Monday, Mar. 08, 1954

Portrait of the Artist

PORTRAITS OF KEATS (189 pp.) -Don-ald Parson -World ($ 10).

JOHN KEATS, THE LIVING YEAR (247 pp.)Robert Gitfings -Harvard University [$3.50]

Ah happy happy boughs! that cannot shed Your leaves, nor ever bid the Spring adieu; And, happy melodist, unwearied, For ever piping songs for ever new . . . -Ode on a Grecian Urn

John Keats died in 1821, aged 25. but the poems he left behind have kept readers and scholars piping happily ever since. So far in 1954, there have already been two new contributions to the long shelf of books about him, both by poets.

Maine's Donald Parson has taken up the question of just what Keats looked like. According to his contemporaries, he was just over 5 ft. tall, well-proportioned, with a face, as his friend Leigh Hunt put it, "in which energy and sensibility were remarkably mixed up." None of Keats's portraitists, however, could quite agree on how the energy and sensibility should be depicted. Some sincerely meant likenesses looked as caricaturish as the unflattering version by one of Keats's London acquaintances, the aging poet-artist, William Blake, who wrote, after making it:

This sketch of Keats This wondrous boy - Today I made the flowing joy - Expression mild he gives delight To one like me of failing light - Long may he live for Beauty's sake - Is the wish of W. Blake.

Although the Lawrence School portrait, of doubtful authorship, fairly approximates the features of Keats's death mask, the most famous studies are those by Keats's great friend, Artist Joseph Severn. Severn nursed Keats through his last illness. His faithfulness to the dying poet, in fact, made him a big name in the art world, and his paintings sold like hot cakes for 20 years afterward.

Briton Robert Gittings' contribution to the Keats shelf is a lively study of Keats through the year that began Sept. 21, 1818 -"the most amazingly creative year that any English poet has achieved." Within that year Keats turned out, among other poems, The Eve of St. Agnes, La Belle Dame sans Merci, the Ode to Autumn, the Ode to a Nightingale and Ode on a Grecian Urn.

What made this year so productive?

Poet Gittings suggests that it was Keats's faculty for translating into poetry all the stormy feelings of a trying period.
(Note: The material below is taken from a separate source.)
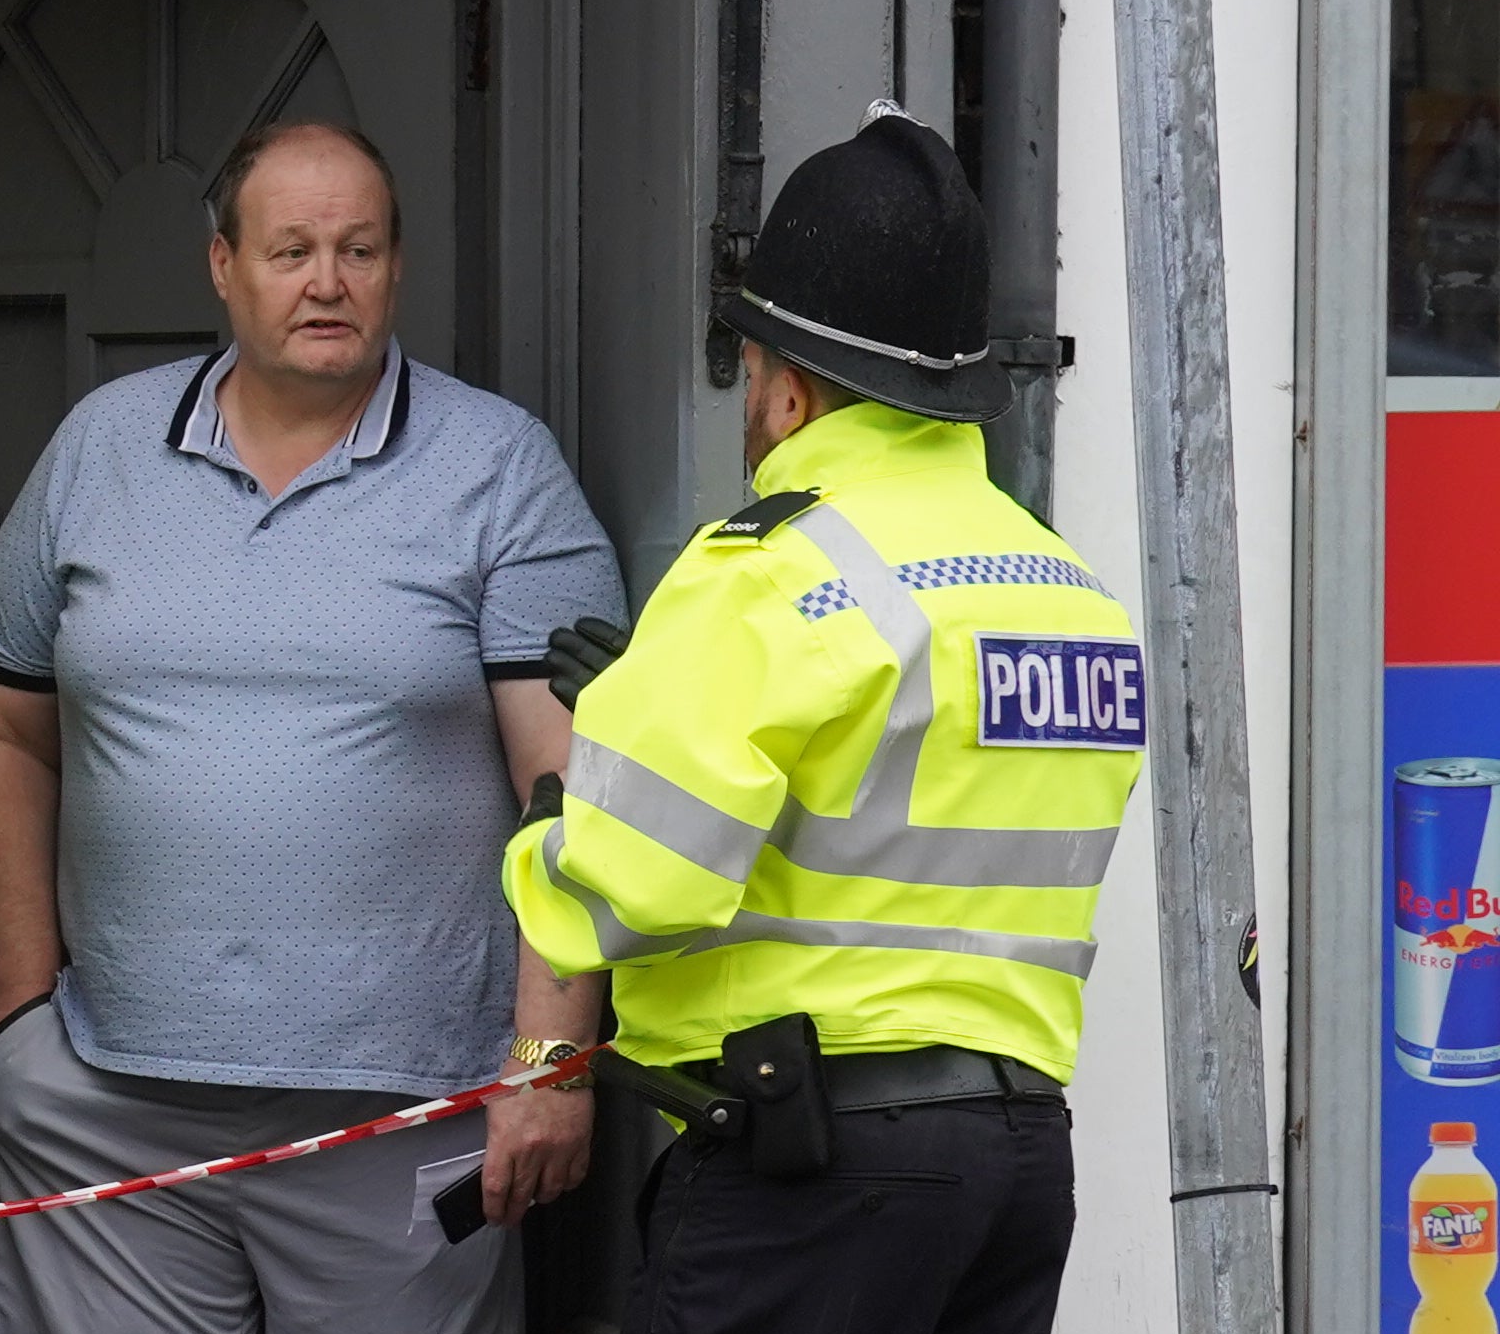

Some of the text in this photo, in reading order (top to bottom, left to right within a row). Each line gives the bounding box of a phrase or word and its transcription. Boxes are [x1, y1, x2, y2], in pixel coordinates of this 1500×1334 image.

[988, 652, 1141, 731] POLICE
[1399, 880, 1459, 920] Red
[1422, 1214, 1483, 1238] FANTA
Within this time his brother died of tuberculosis, and Keats began his painfully soul-searching love affair with Fanny Brawne, the girl who lived next door in Hampstead.

Another prime source of inspiration, says Gittings, is often overlooked. This was the strikingly beautiful Mrs. Isabella Jones, already the companion of a wealthy, middle-aged man named O'Callaghan. While Keats was beginning shy pleasantries with Fanny Brawne in Hampstead, he was also conducting a more full-bodied relationship with Mrs. Jones at her house in Gloucester Street -"a very tasty sort of place," Keats called it, "with Books, Pictures, a bronze statue of Buonaparte, Music, aeolian Harp; a Parrot, a Linnet, a Case of choice Liquers . . ."
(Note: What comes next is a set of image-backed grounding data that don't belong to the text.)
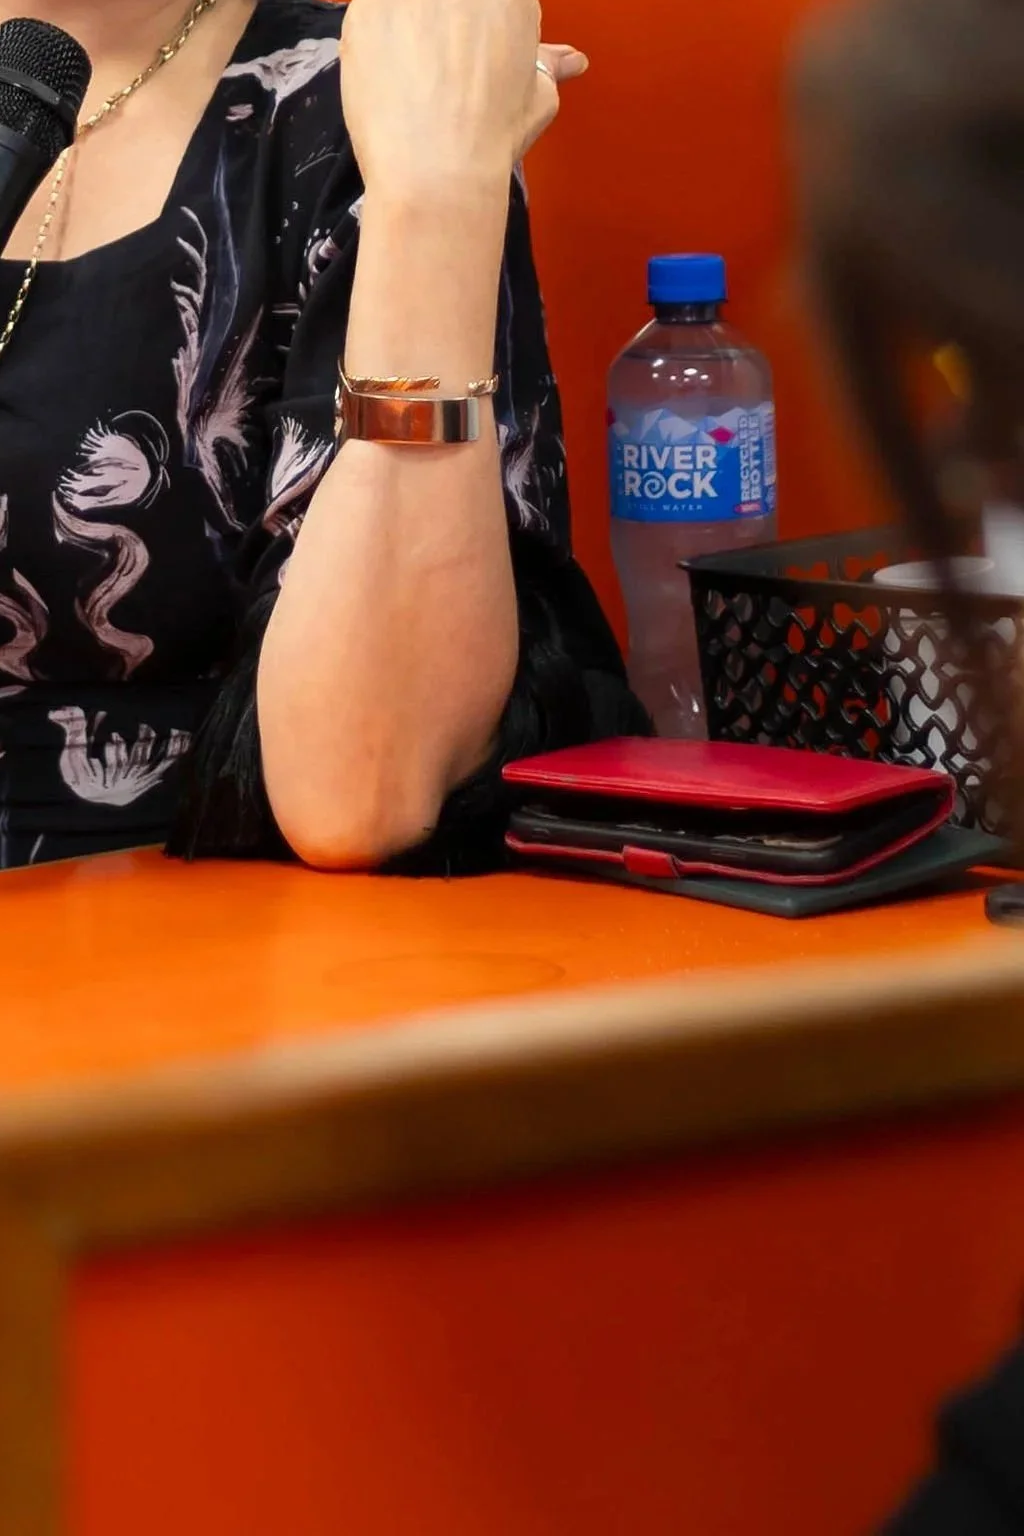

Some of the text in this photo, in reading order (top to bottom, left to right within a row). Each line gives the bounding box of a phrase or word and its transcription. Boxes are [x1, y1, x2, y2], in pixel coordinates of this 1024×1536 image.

[623, 444, 718, 470] RIVER
[739, 415, 750, 501] RECYCLED
[749, 413, 762, 500] BOTTLE
[624, 471, 718, 499] ROCK
[662, 503, 704, 511] WATER
The inspiration for at least part of The Eve of St. Agnes, says Gittings, may have come from the earlier set of lyrics in which Keats memorialized his concurrent practices of visiting Mrs. Jones and avoiding O'Callaghan:

Hush hush! tread softly! hush hush, my dear! All the house is asleep, but we know very wel That the jealous, the jealous old baldpate may hear, Tho' you've padded his night-cap -O sweet Isabel . . .

By the end of the year, Keats's dalliance with Mrs. Jones had been overmastered by his jealous love for Fanny Brawne. But shortly afterwards, the worsening of his tubercular condition put him beyond the reach of both.

On Feb. 23, 1821, Keats died in Rome, in the arms of his old friend Joseph Severn. Both Fanny and Isabella, each in her way, were desolate. Painter Severn, although grief-stricken, managed to turn out a deathbed image of Keats that became the talk of Europe.